Below are entries. Pull out all lines containing "CUCUMBER".

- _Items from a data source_
-.-.-
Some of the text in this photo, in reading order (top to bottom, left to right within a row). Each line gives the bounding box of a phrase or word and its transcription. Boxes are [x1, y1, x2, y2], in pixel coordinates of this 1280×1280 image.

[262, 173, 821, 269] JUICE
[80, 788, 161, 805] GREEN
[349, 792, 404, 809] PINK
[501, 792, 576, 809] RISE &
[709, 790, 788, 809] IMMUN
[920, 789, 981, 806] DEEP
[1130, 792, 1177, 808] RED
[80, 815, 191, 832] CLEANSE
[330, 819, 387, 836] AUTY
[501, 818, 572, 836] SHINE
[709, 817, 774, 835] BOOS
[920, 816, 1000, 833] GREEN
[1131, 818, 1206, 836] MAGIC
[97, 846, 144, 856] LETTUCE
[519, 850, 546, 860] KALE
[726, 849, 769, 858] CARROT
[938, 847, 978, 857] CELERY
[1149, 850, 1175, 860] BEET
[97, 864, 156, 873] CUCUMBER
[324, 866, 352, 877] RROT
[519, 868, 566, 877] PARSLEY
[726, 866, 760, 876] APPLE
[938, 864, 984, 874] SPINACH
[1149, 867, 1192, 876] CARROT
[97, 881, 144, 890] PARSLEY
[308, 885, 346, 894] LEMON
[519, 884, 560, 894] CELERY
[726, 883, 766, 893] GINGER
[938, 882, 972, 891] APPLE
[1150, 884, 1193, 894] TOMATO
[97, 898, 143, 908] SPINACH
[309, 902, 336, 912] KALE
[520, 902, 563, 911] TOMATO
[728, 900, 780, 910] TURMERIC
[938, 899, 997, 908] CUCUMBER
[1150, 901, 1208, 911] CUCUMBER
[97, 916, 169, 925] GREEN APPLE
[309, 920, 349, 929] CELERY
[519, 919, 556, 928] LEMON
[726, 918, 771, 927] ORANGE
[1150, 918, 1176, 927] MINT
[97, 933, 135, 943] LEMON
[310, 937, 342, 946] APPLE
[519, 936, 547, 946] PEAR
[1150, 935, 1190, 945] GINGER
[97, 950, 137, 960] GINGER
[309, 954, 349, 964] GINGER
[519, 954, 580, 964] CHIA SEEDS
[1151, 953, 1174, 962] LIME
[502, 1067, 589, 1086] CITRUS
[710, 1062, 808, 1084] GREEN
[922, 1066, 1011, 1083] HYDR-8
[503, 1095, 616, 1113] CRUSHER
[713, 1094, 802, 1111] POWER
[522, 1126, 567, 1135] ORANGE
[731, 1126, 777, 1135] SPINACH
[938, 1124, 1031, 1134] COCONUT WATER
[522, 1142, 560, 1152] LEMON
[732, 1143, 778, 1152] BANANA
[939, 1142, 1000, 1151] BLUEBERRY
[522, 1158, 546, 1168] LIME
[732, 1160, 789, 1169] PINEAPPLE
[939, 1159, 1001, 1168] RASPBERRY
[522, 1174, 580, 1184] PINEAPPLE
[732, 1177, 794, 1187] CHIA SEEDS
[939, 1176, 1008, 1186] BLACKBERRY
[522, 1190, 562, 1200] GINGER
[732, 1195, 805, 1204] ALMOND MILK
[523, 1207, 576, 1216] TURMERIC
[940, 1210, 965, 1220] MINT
-.-.-
- _Task result_
[97, 864, 156, 873] CUCUMBER
[938, 899, 997, 908] CUCUMBER
[1150, 901, 1208, 911] CUCUMBER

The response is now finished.